*** Opening of INFORMATION SHOWN ***
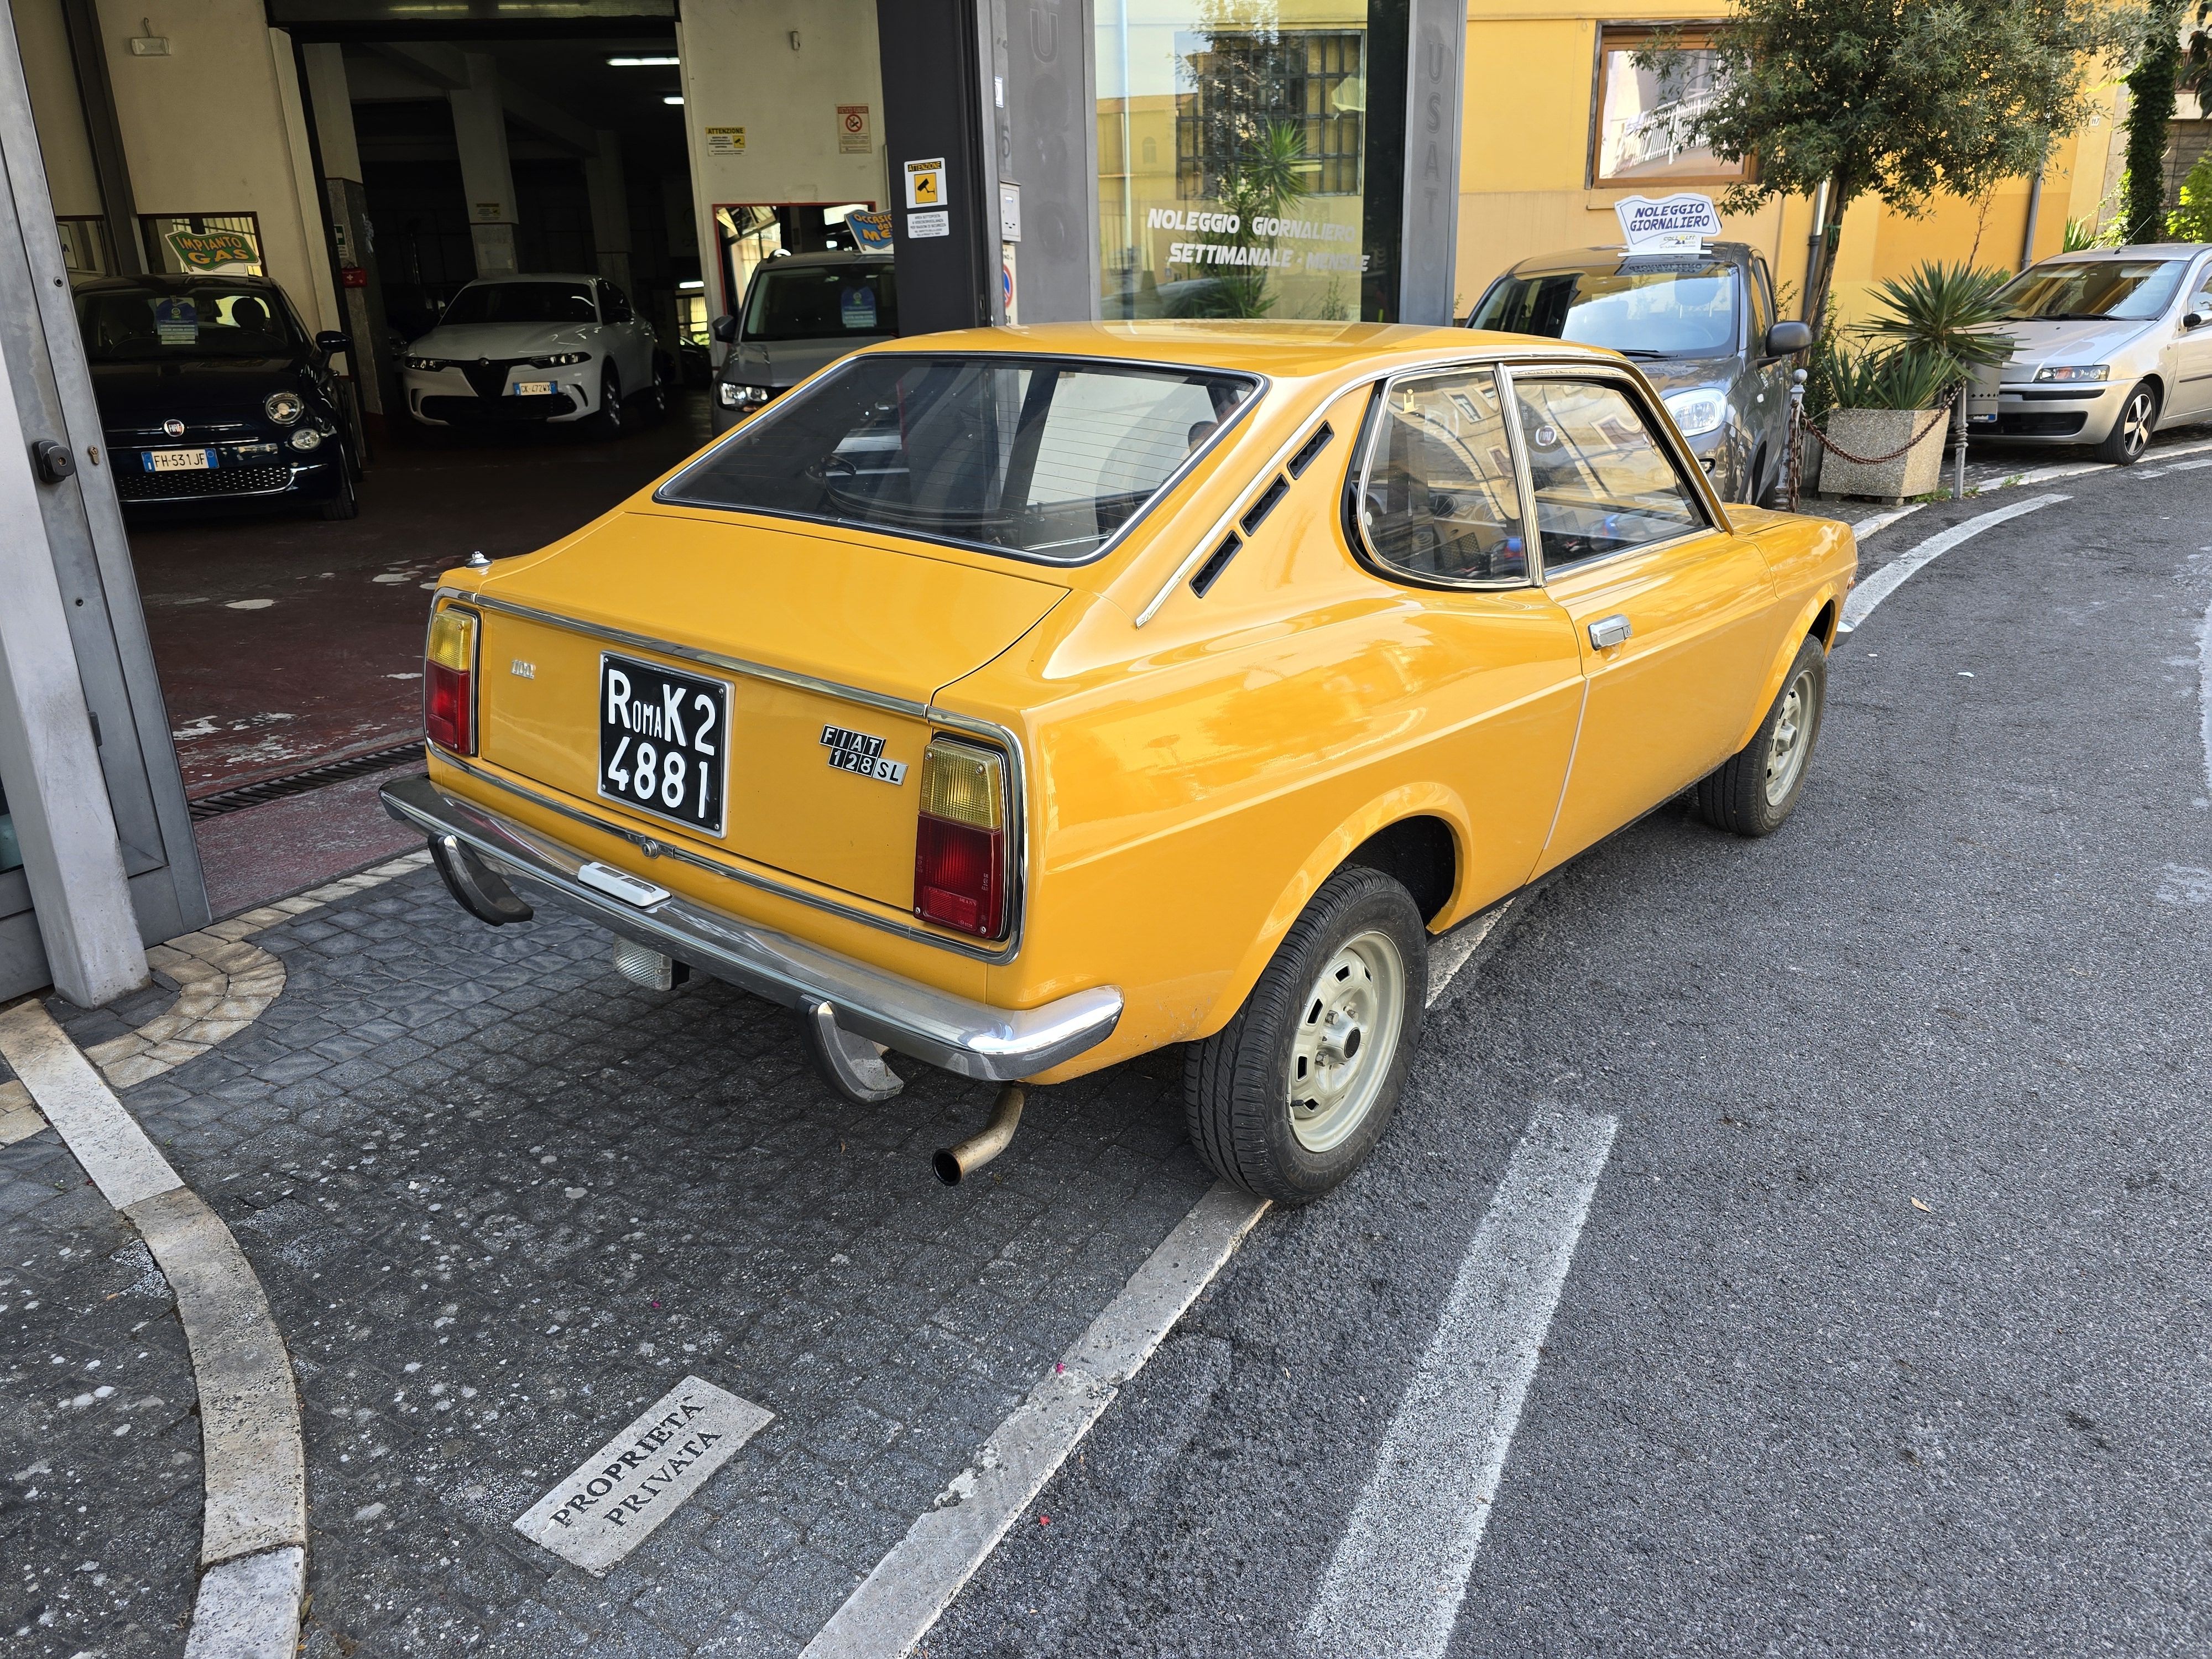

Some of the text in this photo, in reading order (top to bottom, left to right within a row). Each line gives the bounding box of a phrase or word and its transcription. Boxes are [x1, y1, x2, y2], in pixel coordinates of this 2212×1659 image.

[909, 161, 941, 171] ATTENZIONE
[1635, 203, 1705, 218] NOLEGGIO
[1147, 208, 1355, 242] NOLEGGIO GIORNALIERO
[1630, 215, 1710, 232] GIORNALIERO
[175, 236, 242, 251] IMPIANTO
[188, 249, 249, 264] GAS
[1168, 242, 1294, 268] SETTIMANALE
[1305, 252, 1371, 272] MENSILE
[169, 424, 181, 432] FIAT
[1540, 431, 1552, 441] FIAT
[823, 728, 879, 755] FIAT
[834, 750, 899, 782] 128 SL
[608, 736, 708, 818] 4881
[603, 1430, 722, 1527] PRIVATA
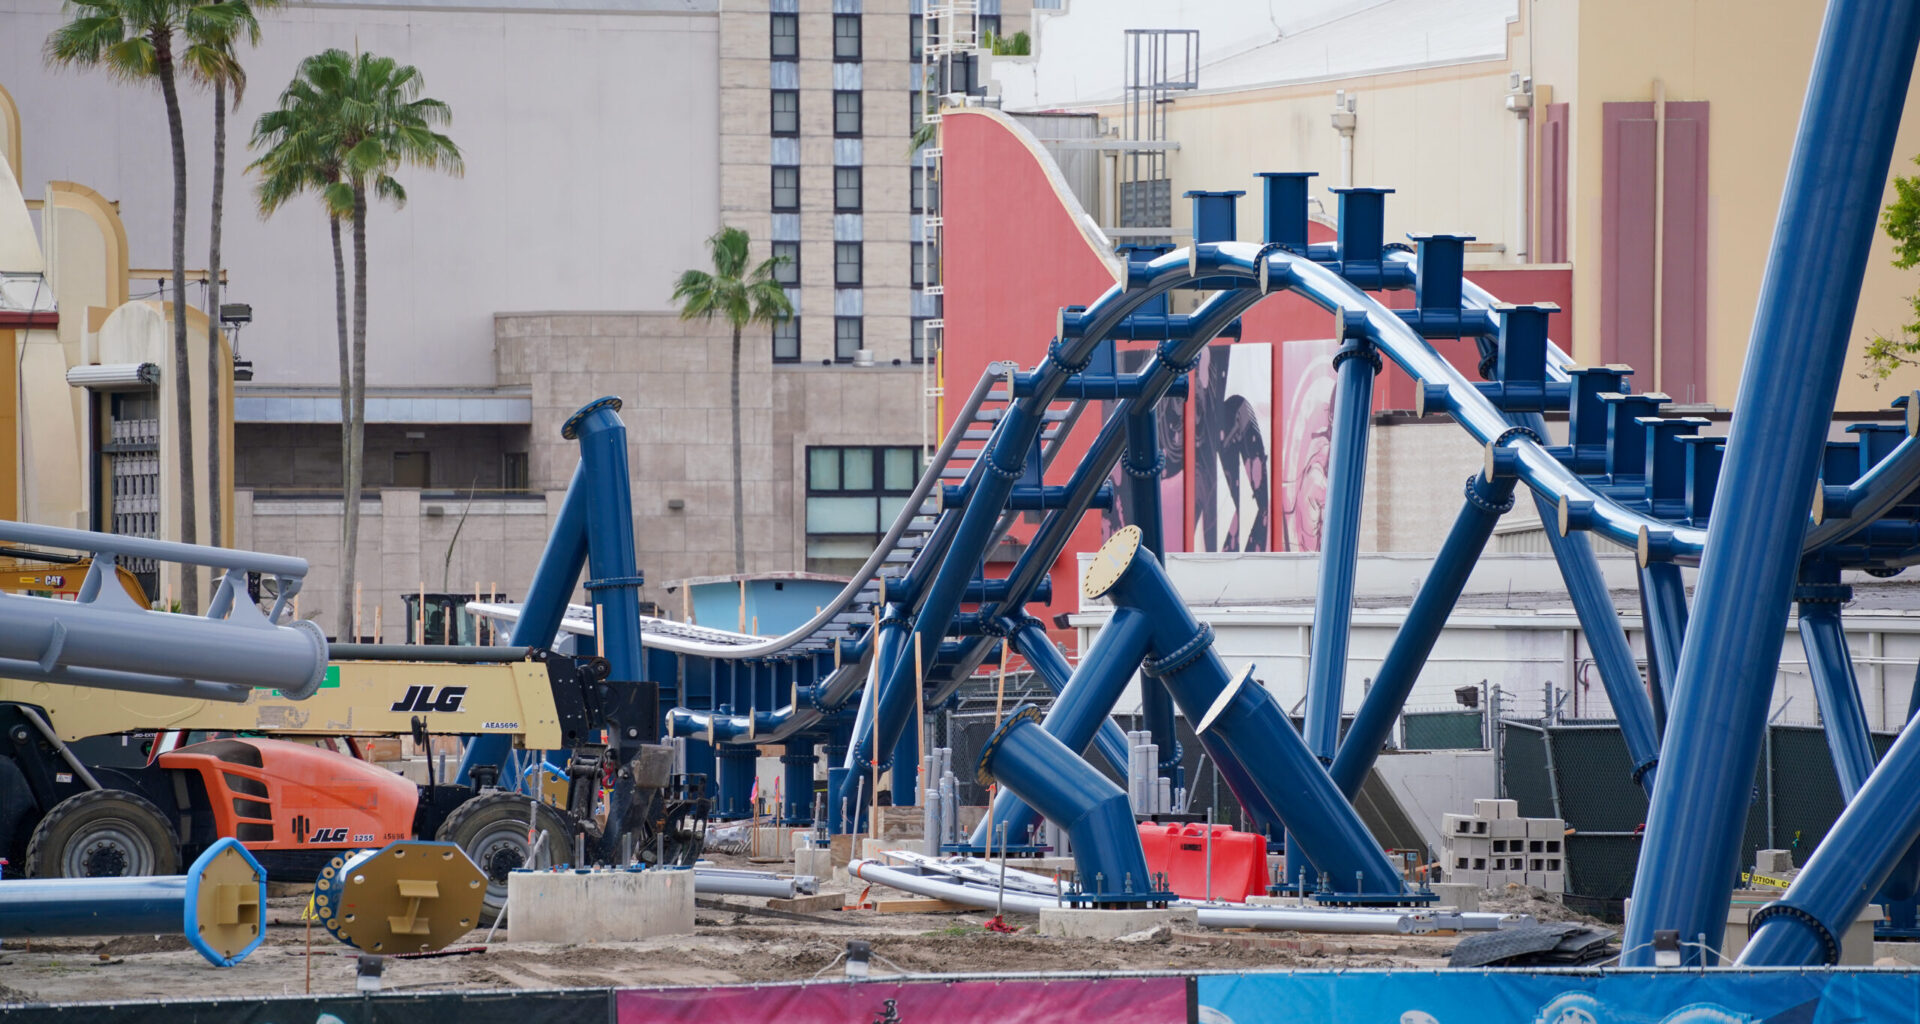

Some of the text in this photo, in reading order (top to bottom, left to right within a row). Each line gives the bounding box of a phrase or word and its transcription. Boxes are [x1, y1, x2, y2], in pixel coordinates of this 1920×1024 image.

[45, 575, 62, 586] CAT
[390, 685, 468, 712] JLG
[310, 828, 374, 843] JLG 1255
[1743, 873, 1776, 886] CUTION
*** Close of INFORMATION SHOWN ***
Locate the line with "this 1920×1024 image." in the entries above; extract it and every line after it, verbatim.

▶ **COMPLETED EXERCISE**
Some of the text in this photo, in reading order (top to bottom, left to right within a row). Each line gives the bounding box of a phrase or word and its transcription. Boxes are [x1, y1, x2, y2], in pixel coordinates of this 1920×1024 image.

[45, 575, 62, 586] CAT
[390, 685, 468, 712] JLG
[310, 828, 374, 843] JLG 1255
[1743, 873, 1776, 886] CUTION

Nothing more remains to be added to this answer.